Work to complete |
Write the records out again exactly, but without pictures.

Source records
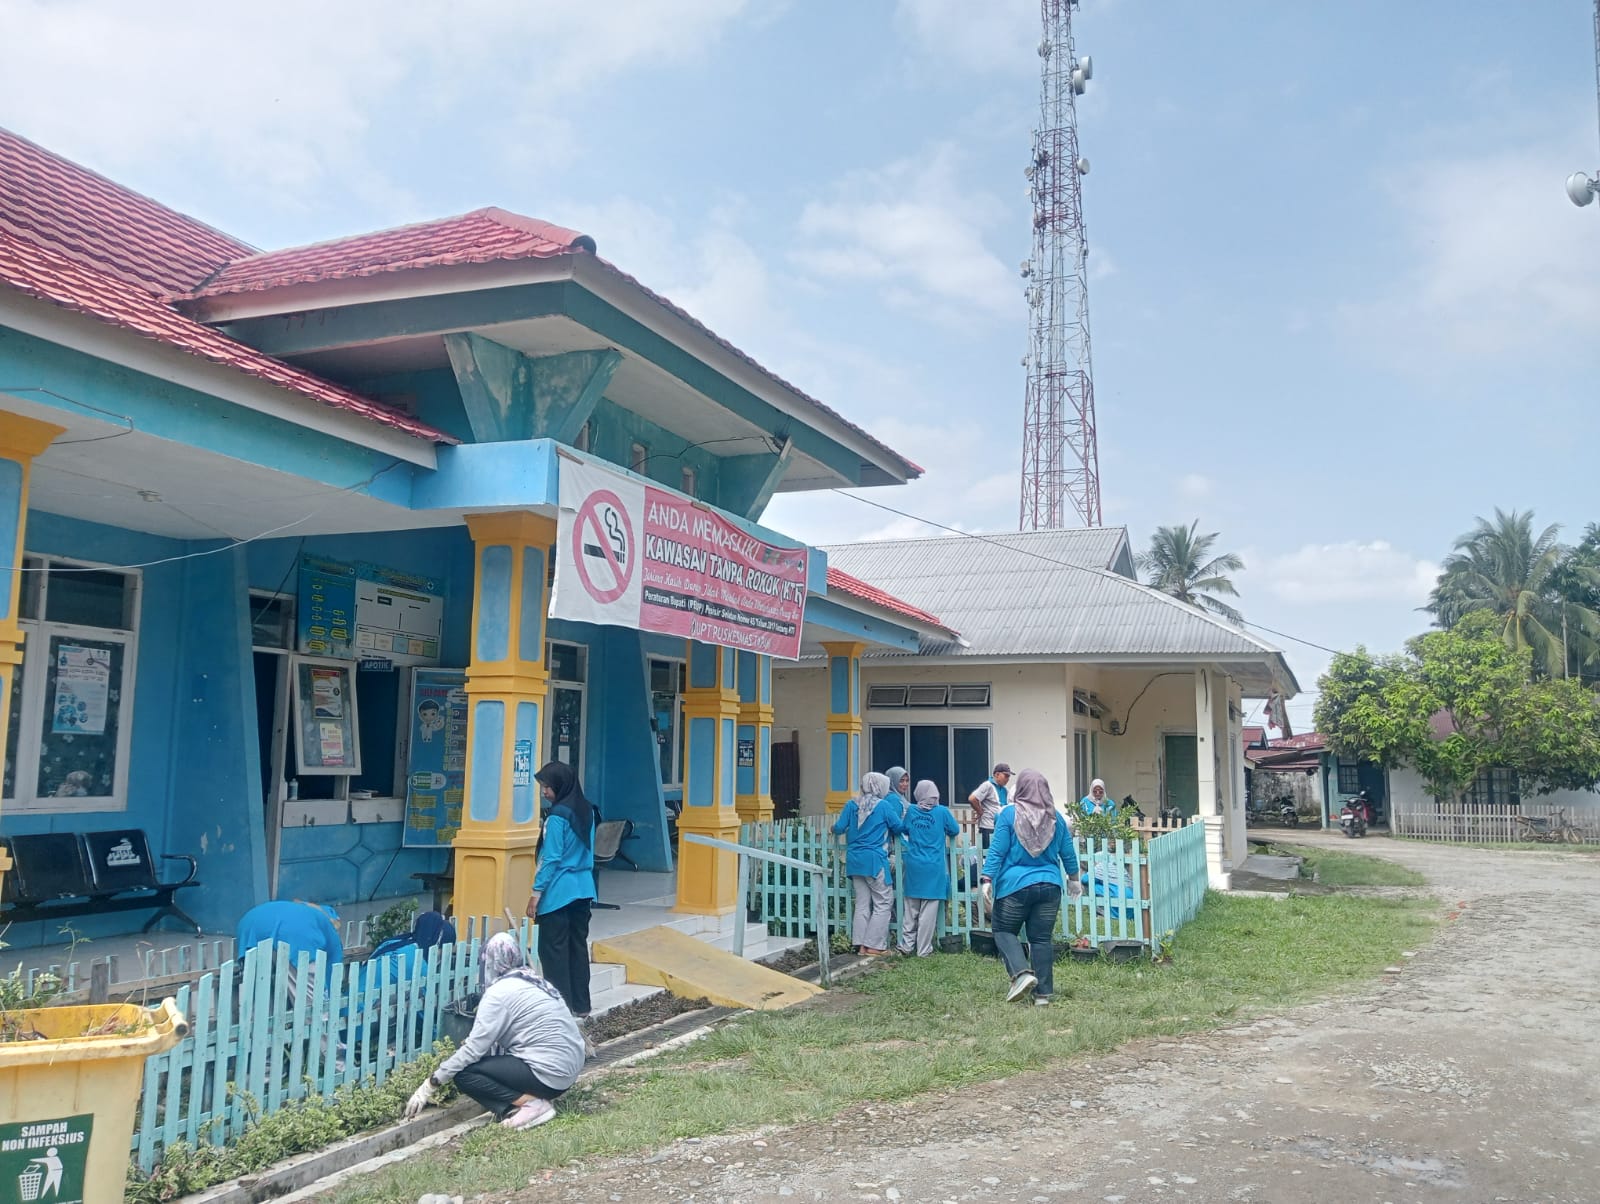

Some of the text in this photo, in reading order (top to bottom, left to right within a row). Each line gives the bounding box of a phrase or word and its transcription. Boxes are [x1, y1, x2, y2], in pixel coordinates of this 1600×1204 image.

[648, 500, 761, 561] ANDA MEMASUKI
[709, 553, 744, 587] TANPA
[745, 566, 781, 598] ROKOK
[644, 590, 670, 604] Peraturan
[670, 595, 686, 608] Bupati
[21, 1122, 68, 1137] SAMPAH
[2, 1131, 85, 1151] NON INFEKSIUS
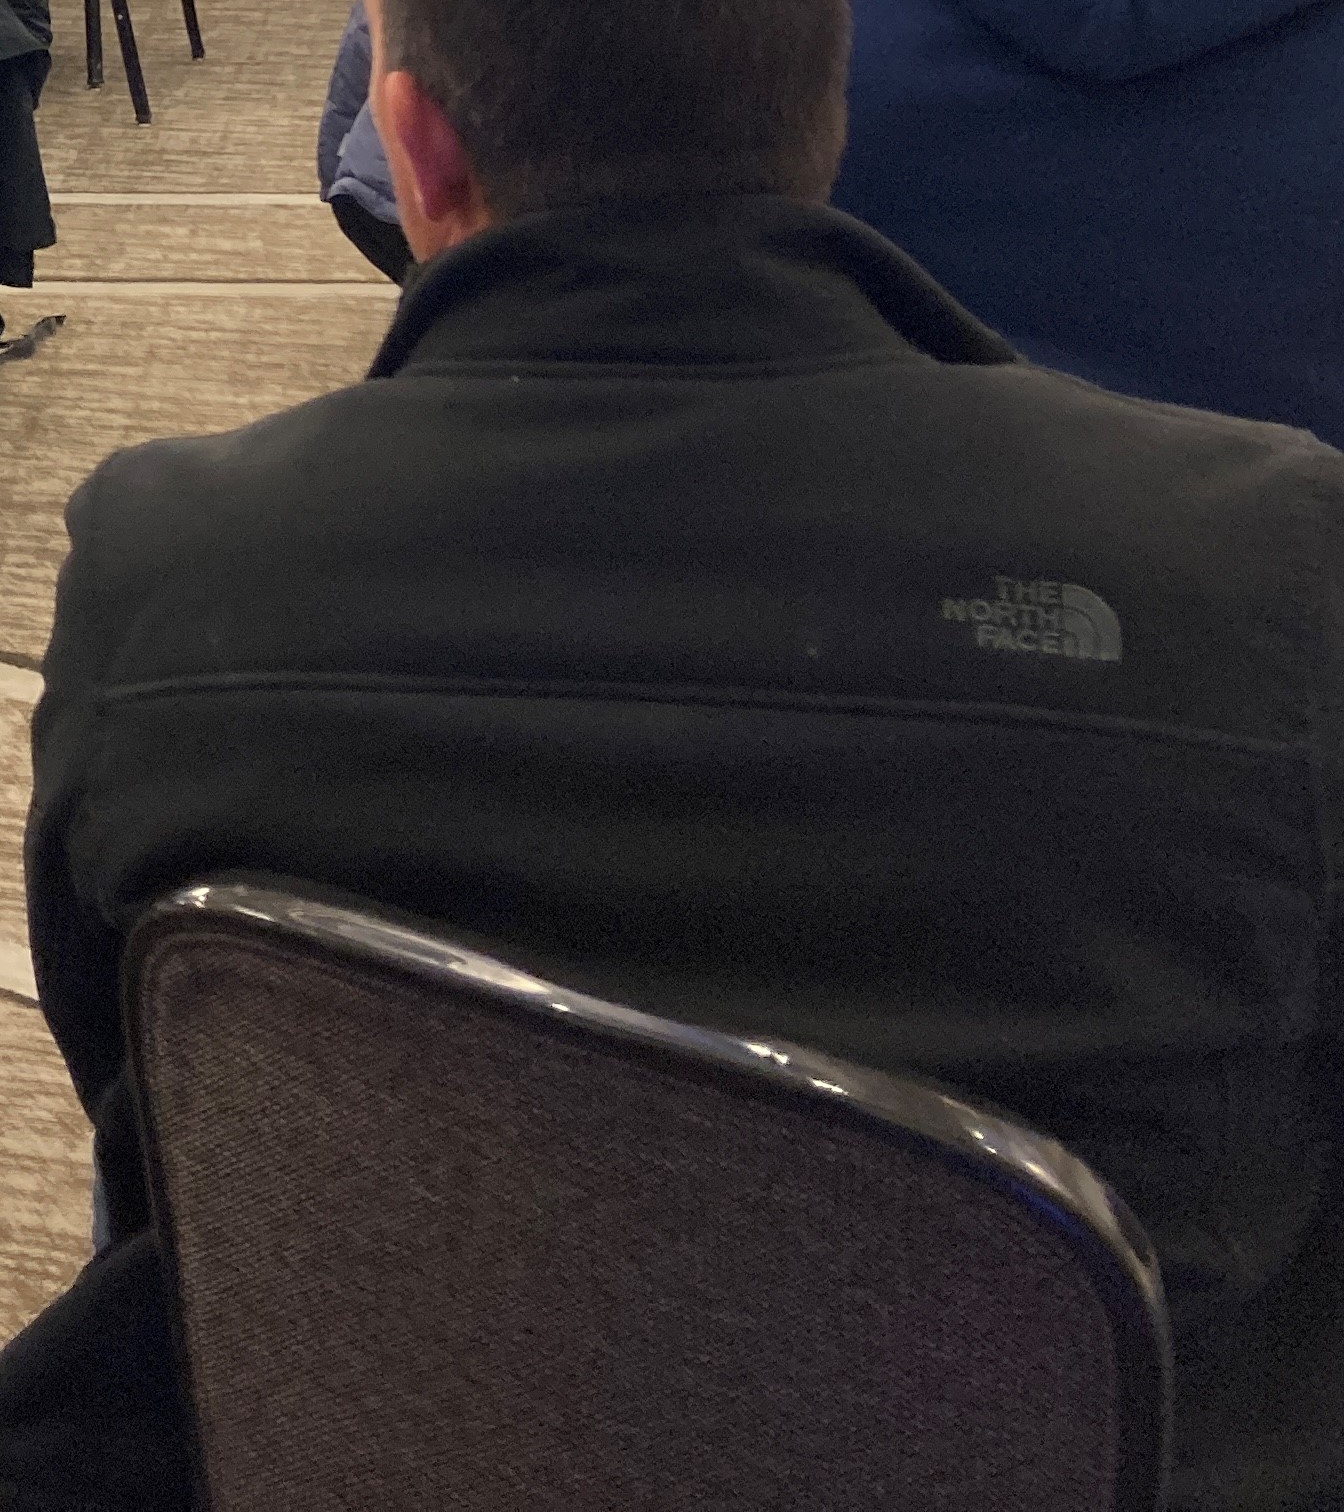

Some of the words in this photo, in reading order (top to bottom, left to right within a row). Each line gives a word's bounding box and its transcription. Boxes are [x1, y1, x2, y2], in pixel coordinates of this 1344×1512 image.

Output for this exercise |
Some of the text in this photo, in reading order (top to bottom, left to right within a row). Each line gives the bounding box of a phrase or word and its transcription. Boxes are [x1, y1, x2, y2], in pixel coordinates of this 1600×1204 image.

[648, 500, 761, 561] ANDA MEMASUKI
[709, 553, 744, 587] TANPA
[745, 566, 781, 598] ROKOK
[644, 590, 670, 604] Peraturan
[670, 595, 686, 608] Bupati
[21, 1122, 68, 1137] SAMPAH
[2, 1131, 85, 1151] NON INFEKSIUS

Some of the words in this photo, in reading order (top to bottom, left to right within a row). Each line gives a word's bounding box and its transcription. Boxes are [x1, y1, x2, y2], in pixel coordinates of this 1344×1512 image.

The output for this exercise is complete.